What is being asked: Each line from the one that contains "this 1280×1280 image." to the end of the material must be quoted exactly; include both end lines and nothing else.

Data for review:
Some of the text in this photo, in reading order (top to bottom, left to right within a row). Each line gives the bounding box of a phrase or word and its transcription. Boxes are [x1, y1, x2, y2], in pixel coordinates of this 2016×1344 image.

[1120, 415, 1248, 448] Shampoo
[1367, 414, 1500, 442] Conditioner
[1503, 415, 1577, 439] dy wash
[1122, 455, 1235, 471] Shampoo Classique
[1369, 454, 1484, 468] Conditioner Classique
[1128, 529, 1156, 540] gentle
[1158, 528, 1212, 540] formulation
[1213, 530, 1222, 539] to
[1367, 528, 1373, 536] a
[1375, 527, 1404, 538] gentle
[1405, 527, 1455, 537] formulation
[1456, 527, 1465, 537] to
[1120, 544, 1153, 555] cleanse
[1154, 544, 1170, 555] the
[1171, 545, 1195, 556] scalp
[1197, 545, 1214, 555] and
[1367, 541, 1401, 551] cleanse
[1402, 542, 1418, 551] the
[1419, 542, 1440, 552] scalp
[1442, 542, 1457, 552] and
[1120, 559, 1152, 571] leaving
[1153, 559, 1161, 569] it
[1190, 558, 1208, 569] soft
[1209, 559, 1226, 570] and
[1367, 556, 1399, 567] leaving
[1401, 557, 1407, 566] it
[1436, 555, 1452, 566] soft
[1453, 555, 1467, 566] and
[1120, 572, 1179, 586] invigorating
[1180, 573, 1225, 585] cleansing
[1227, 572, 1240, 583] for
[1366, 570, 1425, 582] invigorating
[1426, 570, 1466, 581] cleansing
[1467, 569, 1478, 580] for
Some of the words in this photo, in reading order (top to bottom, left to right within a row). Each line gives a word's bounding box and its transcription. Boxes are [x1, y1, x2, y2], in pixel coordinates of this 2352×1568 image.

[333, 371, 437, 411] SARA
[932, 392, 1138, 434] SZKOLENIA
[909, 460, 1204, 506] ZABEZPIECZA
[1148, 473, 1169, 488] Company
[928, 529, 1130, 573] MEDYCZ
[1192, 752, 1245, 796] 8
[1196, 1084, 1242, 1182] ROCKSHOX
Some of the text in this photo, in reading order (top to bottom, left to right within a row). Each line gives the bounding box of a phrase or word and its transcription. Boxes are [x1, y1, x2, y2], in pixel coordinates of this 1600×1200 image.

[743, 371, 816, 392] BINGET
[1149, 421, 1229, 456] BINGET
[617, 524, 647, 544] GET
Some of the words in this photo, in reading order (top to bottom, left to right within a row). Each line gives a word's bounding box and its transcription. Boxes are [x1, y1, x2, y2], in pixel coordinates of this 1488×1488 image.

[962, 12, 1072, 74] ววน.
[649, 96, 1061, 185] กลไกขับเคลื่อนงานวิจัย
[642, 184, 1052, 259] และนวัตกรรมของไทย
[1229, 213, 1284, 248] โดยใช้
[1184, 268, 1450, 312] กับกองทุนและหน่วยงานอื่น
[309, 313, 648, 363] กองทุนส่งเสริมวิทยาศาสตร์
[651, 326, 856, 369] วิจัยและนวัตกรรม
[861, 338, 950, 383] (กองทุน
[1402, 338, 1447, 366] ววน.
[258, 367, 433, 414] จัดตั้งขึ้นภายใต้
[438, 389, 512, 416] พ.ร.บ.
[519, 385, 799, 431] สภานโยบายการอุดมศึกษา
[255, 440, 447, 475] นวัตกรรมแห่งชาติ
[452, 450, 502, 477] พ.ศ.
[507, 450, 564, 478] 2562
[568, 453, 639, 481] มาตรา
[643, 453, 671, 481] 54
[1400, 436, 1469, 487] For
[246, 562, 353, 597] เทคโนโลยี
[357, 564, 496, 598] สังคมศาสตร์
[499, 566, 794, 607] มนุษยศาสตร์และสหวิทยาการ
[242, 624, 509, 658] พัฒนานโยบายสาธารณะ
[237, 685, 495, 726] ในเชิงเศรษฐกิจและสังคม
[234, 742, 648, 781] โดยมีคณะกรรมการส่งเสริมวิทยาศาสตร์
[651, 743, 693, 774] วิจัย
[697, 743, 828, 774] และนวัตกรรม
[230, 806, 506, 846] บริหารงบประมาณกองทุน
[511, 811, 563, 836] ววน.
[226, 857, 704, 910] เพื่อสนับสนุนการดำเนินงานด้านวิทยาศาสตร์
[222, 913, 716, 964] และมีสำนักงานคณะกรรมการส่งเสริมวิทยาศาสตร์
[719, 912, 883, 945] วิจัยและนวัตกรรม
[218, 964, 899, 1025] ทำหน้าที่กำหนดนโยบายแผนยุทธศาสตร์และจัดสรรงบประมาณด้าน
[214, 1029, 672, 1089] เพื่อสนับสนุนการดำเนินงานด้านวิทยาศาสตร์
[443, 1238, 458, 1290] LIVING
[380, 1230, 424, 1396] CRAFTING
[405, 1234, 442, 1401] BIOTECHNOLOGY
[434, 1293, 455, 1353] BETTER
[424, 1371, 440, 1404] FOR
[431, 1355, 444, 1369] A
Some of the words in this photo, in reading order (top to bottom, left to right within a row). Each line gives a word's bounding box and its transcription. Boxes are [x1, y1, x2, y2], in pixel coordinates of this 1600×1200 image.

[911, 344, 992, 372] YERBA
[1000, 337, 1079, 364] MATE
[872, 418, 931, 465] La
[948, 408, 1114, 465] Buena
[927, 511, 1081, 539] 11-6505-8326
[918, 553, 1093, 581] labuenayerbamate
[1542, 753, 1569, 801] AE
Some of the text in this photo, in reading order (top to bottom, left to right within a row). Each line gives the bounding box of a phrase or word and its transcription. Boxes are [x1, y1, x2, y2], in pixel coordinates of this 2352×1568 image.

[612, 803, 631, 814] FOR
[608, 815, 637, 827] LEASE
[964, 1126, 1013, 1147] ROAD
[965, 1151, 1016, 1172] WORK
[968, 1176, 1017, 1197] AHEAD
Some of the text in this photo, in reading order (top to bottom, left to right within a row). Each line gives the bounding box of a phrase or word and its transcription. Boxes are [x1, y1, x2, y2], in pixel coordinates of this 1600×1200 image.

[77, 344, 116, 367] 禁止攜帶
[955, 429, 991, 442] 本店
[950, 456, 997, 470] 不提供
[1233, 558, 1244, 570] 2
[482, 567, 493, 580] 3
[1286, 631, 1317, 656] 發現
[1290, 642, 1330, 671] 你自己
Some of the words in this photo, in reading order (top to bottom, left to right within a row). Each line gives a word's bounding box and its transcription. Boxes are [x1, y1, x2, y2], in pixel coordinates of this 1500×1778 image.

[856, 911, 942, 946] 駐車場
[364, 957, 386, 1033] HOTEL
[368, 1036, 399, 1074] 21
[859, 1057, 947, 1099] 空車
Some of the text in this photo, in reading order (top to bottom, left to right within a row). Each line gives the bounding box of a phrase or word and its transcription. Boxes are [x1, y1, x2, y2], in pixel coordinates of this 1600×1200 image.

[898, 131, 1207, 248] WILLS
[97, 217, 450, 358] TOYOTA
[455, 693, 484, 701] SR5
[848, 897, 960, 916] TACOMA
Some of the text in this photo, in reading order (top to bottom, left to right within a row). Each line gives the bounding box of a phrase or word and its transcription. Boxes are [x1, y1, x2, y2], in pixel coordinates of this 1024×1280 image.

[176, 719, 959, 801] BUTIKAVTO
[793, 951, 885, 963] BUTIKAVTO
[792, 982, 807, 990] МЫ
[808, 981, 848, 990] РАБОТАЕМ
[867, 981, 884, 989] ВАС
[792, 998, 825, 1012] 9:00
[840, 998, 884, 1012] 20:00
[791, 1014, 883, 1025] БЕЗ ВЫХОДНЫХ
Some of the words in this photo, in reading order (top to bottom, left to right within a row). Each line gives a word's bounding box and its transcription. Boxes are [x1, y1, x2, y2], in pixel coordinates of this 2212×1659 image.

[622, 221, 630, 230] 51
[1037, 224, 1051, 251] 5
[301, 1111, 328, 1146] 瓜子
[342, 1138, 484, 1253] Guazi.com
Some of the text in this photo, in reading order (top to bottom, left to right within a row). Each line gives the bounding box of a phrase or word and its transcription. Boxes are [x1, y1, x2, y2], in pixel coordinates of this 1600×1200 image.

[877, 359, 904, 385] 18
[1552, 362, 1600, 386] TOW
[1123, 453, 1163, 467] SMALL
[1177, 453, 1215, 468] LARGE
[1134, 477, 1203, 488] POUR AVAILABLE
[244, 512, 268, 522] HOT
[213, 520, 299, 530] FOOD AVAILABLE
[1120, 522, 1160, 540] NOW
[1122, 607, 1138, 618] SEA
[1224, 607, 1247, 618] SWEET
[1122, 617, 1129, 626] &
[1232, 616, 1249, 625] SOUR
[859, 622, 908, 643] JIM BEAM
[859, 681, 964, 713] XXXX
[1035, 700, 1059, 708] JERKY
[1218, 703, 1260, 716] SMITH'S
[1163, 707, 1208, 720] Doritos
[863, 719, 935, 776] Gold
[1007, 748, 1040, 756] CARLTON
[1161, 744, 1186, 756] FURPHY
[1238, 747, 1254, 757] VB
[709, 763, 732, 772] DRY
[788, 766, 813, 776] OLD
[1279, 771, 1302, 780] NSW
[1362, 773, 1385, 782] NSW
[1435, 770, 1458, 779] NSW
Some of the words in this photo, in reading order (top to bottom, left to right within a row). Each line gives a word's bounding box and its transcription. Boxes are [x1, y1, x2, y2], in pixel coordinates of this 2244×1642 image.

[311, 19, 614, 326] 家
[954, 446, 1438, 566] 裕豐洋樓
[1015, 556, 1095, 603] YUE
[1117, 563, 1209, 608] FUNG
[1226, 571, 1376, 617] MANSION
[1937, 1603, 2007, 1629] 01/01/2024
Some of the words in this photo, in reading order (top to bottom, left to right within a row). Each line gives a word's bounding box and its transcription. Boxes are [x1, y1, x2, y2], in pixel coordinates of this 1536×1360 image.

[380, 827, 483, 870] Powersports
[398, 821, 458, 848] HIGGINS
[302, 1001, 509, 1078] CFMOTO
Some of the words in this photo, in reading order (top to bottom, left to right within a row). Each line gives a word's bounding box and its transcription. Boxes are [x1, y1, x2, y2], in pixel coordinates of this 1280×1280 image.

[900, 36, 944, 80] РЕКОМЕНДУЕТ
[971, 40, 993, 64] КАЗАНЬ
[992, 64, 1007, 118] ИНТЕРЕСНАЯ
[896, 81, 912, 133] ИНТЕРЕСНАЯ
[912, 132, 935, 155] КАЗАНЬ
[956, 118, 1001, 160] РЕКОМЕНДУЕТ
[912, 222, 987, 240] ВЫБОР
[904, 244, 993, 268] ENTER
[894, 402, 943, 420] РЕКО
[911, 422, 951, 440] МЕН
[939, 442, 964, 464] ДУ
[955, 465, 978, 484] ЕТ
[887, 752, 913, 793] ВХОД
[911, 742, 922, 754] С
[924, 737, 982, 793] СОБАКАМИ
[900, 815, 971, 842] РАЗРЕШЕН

Task output:
Some of the words in this photo, in reading order (top to bottom, left to right within a row). Each line gives a word's bounding box and its transcription. Boxes are [x1, y1, x2, y2], in pixel coordinates of this 1280×1280 image.

[900, 36, 944, 80] РЕКОМЕНДУЕТ
[971, 40, 993, 64] КАЗАНЬ
[992, 64, 1007, 118] ИНТЕРЕСНАЯ
[896, 81, 912, 133] ИНТЕРЕСНАЯ
[912, 132, 935, 155] КАЗАНЬ
[956, 118, 1001, 160] РЕКОМЕНДУЕТ
[912, 222, 987, 240] ВЫБОР
[904, 244, 993, 268] ENTER
[894, 402, 943, 420] РЕКО
[911, 422, 951, 440] МЕН
[939, 442, 964, 464] ДУ
[955, 465, 978, 484] ЕТ
[887, 752, 913, 793] ВХОД
[911, 742, 922, 754] С
[924, 737, 982, 793] СОБАКАМИ
[900, 815, 971, 842] РАЗРЕШЕН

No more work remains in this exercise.